Black mysticism, African space travel, Ghetto surrealism, Queer futurism, Black intimacy, hood futurism—enter Black Science Fiction. Home of all things experimental. Afro electronica, live instrumentation, loops, beat-making, soundscapes, synths and streams of consciousness. The object is music! The objective; a combination of notes evoking a response from multiple sensory systems towards an enriching experience. Through a blend of words, sounds and cinema the platform; black science fiction, orders fiction and experimentation as methodologies to untangle the knots of history. Fiction, of course, goes beyond the process of capturing imaginary events and can reach towards speculation and theorisation. It was Sun Ra who clearly articulated why we need mythology in order to survive, and his was music. A genuine and complete belief in the power of music to emancipate, transform and transport us to outer space.
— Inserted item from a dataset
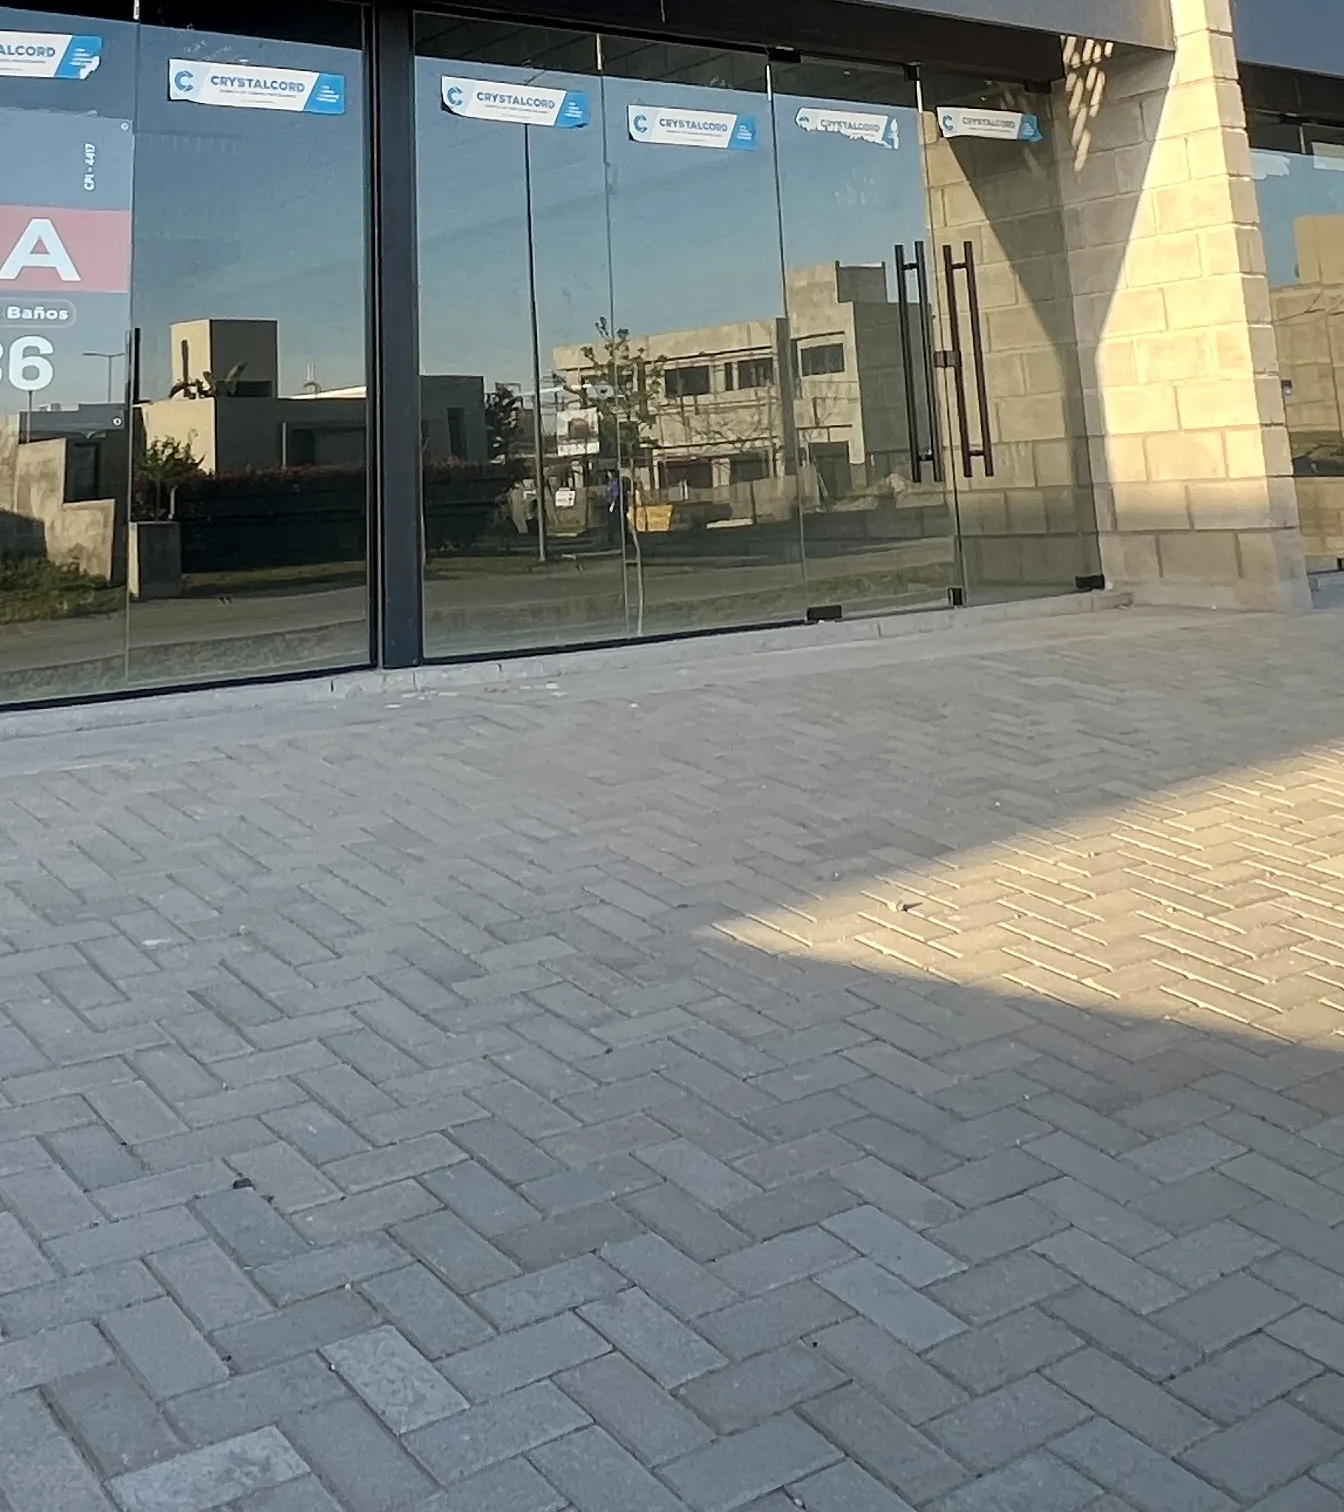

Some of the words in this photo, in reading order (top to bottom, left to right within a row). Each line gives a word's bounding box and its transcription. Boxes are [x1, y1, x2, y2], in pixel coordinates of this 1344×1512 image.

[210, 75, 305, 93] CRYSTALCORD
[476, 92, 556, 109] CRYSTALCORD
[659, 118, 728, 133] CRYSTALCORD
[6, 306, 69, 320] Baños
This impulse for existence in another world—a more equitable and more just world—is a need felt by many who have faced injustices at various levels. During a mindless scroll on the short-form video-sharing app Tiktok, I come across a video of a user interviewing strangers on the streets of New York. He asks, “if you could live anywhere else in the world, where would you live?”. “A cave somewhere”, a woman responds. “Africa!”, someone else responds. “Outer space”—or some variation of that, is the most common response, speaking to the deep-seated urge to want to exist in a completely different realm separate to the one we currently inhabit. All we really want is to exist in a place where notions of what constitutes humanity go far beyond the superficial (race, class, gender). Featured on the black science fiction website is “NO MAS” by the free jazz collective Irreversible Entanglements is an eight-minute sensational rendering of a historical journey through mystery, visual poetry and heartwarming rhythm.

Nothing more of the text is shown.